[Stored data]
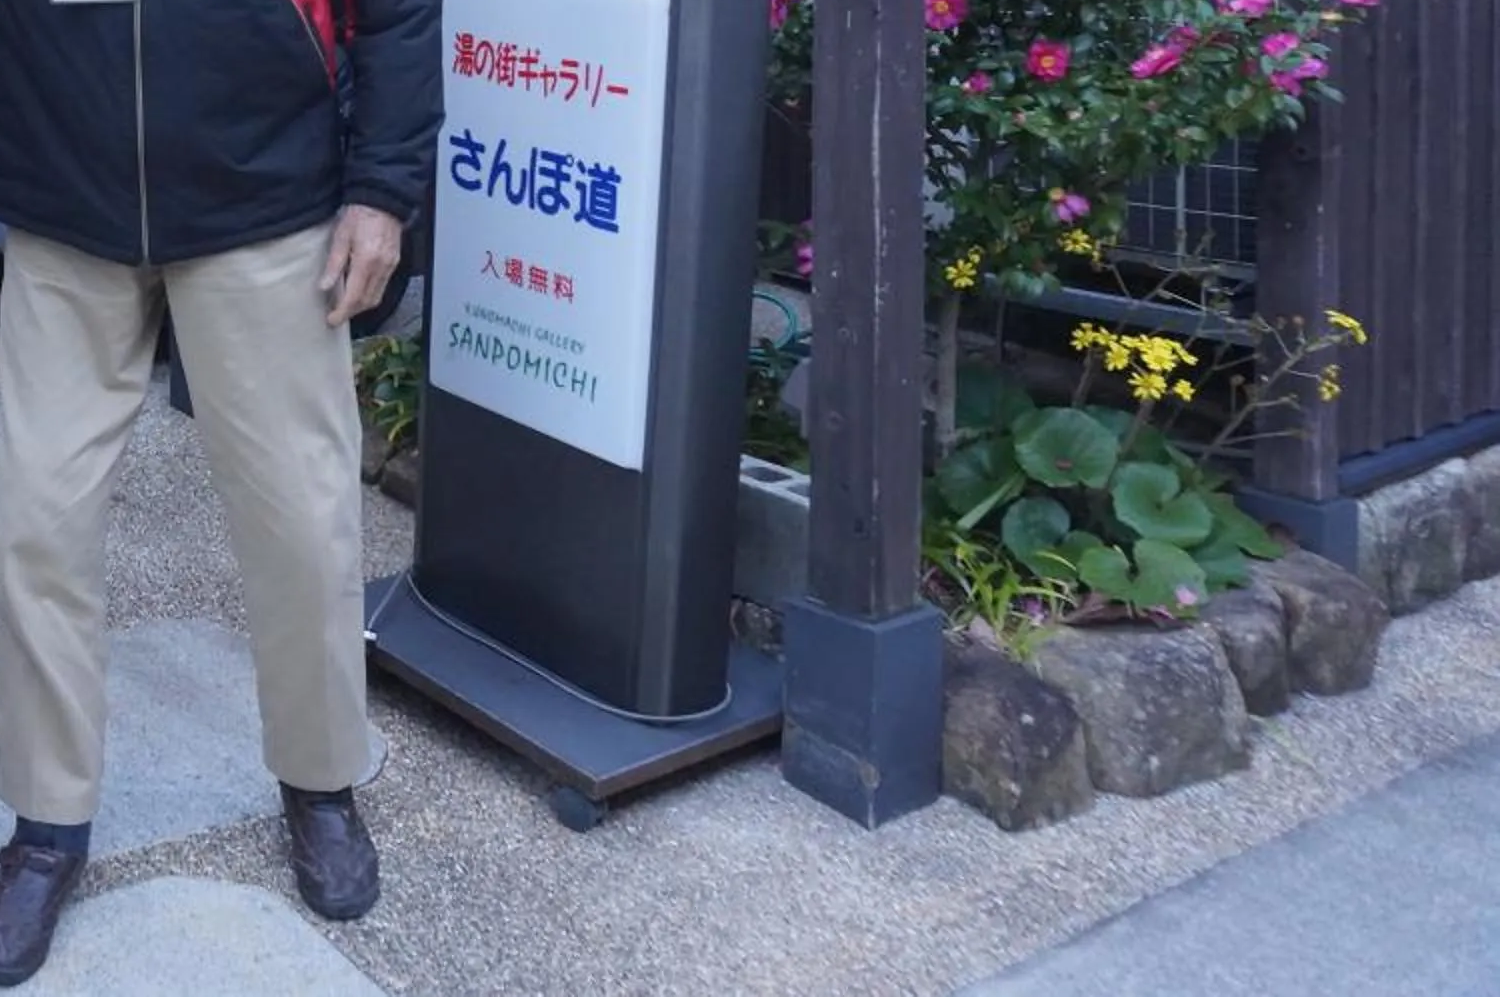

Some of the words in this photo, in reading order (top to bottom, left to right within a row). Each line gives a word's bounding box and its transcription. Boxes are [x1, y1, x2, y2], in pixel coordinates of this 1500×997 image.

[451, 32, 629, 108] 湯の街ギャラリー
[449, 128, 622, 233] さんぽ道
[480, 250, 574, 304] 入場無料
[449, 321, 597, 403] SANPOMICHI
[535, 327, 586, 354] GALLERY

Task objective: Give the data again exactly as it appears, but without any images.

Response:
Some of the words in this photo, in reading order (top to bottom, left to right within a row). Each line gives a word's bounding box and its transcription. Boxes are [x1, y1, x2, y2], in pixel coordinates of this 1500×997 image.

[451, 32, 629, 108] 湯の街ギャラリー
[449, 128, 622, 233] さんぽ道
[480, 250, 574, 304] 入場無料
[449, 321, 597, 403] SANPOMICHI
[535, 327, 586, 354] GALLERY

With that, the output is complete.